For this tutorial we will need the following packages:

Module | Description |
---|---|

PumasQSP | PumasQSP is used to formulate our problem and perform automated model discovery |

ModelingToolkit | The symbolic modeling environment |

DifferentialEquations | The numerical differential equation solvers |

DataSets | We will load our experimental data from datasets on JuliaHub |

DataFrames | Handling tabular data manipulation |

StableRNGs | Stable random seeding |

StatsPlots | The plotting and visualization library |

First we prepare the environment by listing the packages we are using within the example.

```
#Packages used for this example
using PumasQSP
using ModelingToolkit
using DifferentialEquations
using DataSets
using DataFrames
using StructuralIdentifiability: assess_identifiability, assess_local_identifiability
using StatsPlots
using Random
```

## Model setup

As a demonstration, we will use a pharmacokinetic model of in-vitro Pitavastatin hepatoc uptake ^{[1]}. This is a system of equations, as shown below, contains two states, one observable and six unknown parameters as shown below.

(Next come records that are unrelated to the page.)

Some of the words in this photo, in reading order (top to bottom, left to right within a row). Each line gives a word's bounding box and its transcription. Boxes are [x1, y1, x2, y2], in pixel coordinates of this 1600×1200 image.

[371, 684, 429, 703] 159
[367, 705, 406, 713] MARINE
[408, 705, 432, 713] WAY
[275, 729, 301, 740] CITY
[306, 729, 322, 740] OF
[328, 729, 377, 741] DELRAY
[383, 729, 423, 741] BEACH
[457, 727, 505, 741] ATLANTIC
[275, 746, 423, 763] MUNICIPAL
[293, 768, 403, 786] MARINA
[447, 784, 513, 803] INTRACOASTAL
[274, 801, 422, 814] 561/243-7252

\[\begin{aligned} \frac{dx_1}{dt} &= k_3 x_3 - r_3 x_1 - k_1 x_1 (T_\theta - d + x_1 + x_3) + r_1 (d - x_1 - x_3) \\ \frac{dx_3}{dt} &= r_3 x_1 - k_3 x_3 + k_2 (d - x_1 - x_3) \\ y &= k (d - x_1) \end{aligned}\]

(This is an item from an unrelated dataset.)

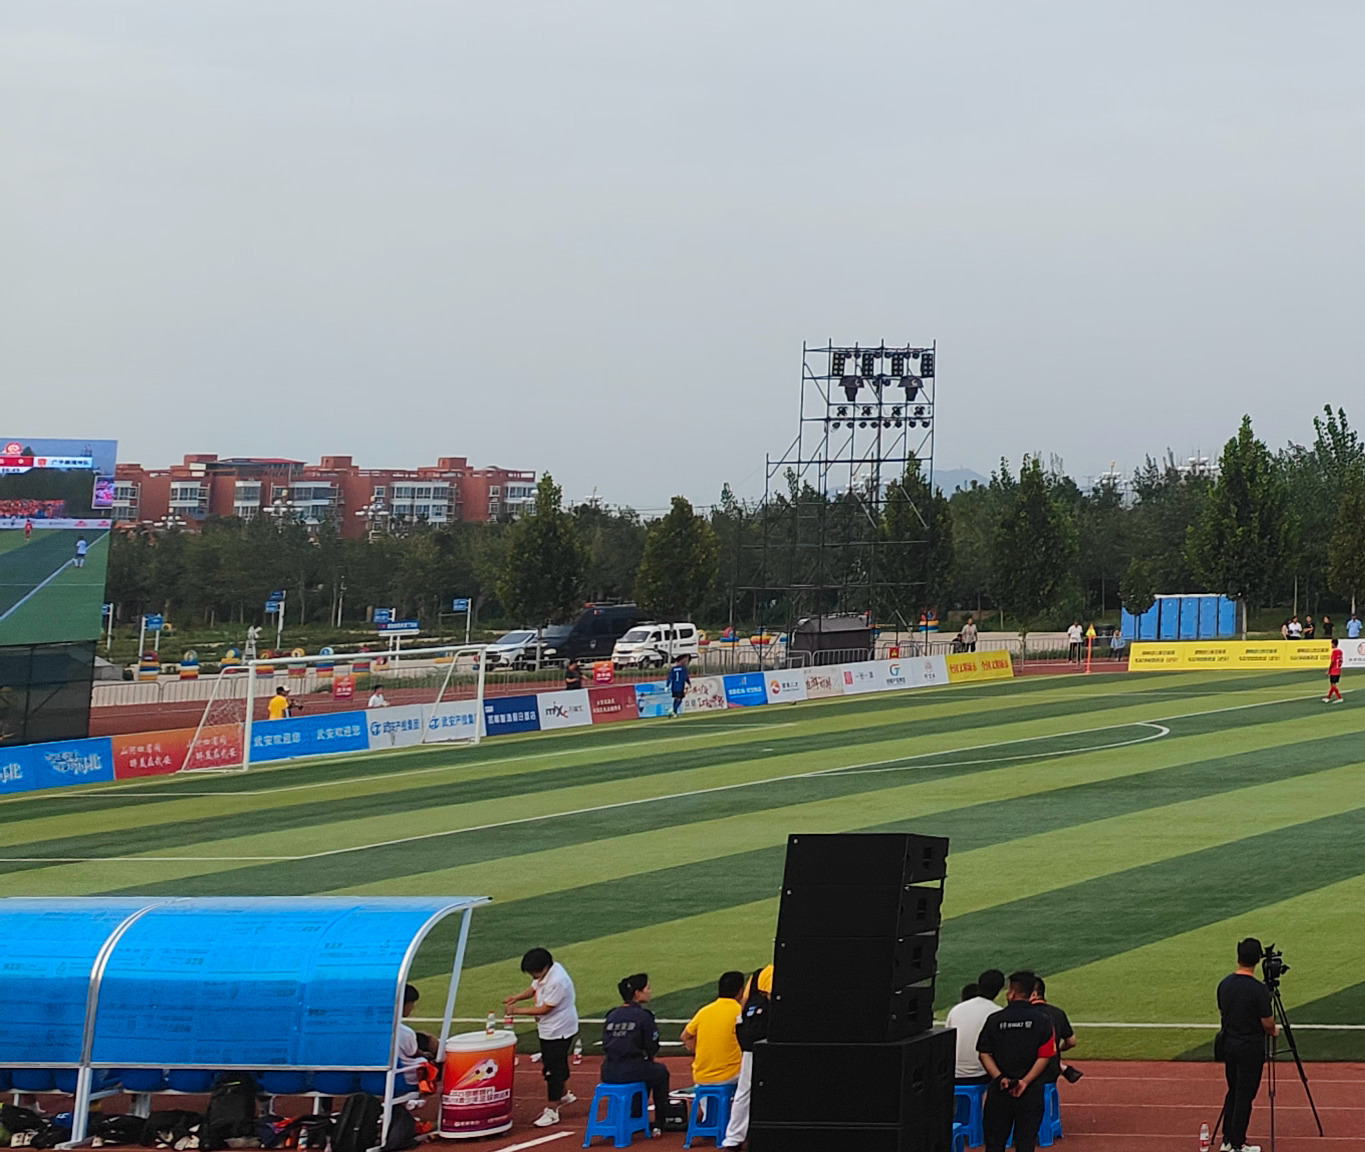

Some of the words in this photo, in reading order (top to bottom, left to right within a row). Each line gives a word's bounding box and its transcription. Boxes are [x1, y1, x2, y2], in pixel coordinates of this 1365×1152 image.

[441, 715, 476, 728] 武安产投集
[253, 732, 301, 747] 武安欢迎您

The system of ODEs is a mass-action model where $T_\theta$ is the total number of transporter binding sites, and other parameters like ${k_1, r_1, k_2, k_3, r_3}$, are the reaction constants. The $d$ is the initial concentration value of the medium where the hepatocytes initially reside before the trial, which is known prior to conducting the trial. The unknown concentrations in each of the compartments inside the hepatocyte cell, `x1`

and `x3`

, is modeled by the underlying differential equations. The `k`

is the observation gain constant, which is used to measure the observed variable `y`

.

```
# States of the model
k = 1
d = 5
@variables begin
t
x1(t) = k*d
x3(t) = 0
y(t)
end
# Parameters of the model
@parameters begin
k₁ = 0.5
k₂ = 0.5
k₃ = 0.8
r₁ = 0.8
r₃ = 1.2
T₀ = 3.5
end
# Equations of the model
D = Differential(t)
eqs = [
D(x1) ~ (k₃ * x3 - r₃ * x1 - k₁ * x1 * (T₀ - d + x1 + x3) + r₁ * (d - x1 - x3)),
D(x3) ~ (r₃ * x1 - k₃ * x3 + k₂ * (d - x1 - x3)),
]
obs_eq = [y ~ k * (d - x1)]
measured_quantities = [y ~ k * (d - x1)]
# Model
@named model = ODESystem(eqs; observed = obs_eq)
```

\[ \begin{align} \frac{\mathrm{d} \mathrm{x1}\left( t \right)}{\mathrm{d}t} =& r_1 \left( 5 - \mathrm{x1}\left( t \right) - \mathrm{x3}\left( t \right) \right) + k_3 \mathrm{x3}\left( t \right) - r_3 \mathrm{x1}\left( t \right) - k_1 \left( -5 + T_0 + \mathrm{x1}\left( t \right) + \mathrm{x3}\left( t \right) \right) \mathrm{x1}\left( t \right) \\ \frac{\mathrm{d} \mathrm{x3}\left( t \right)}{\mathrm{d}t} =& k_2 \left( 5 - \mathrm{x1}\left( t \right) - \mathrm{x3}\left( t \right) \right) + r_3 \mathrm{x1}\left( t \right) - k_3 \mathrm{x3}\left( t \right) \end{align} \]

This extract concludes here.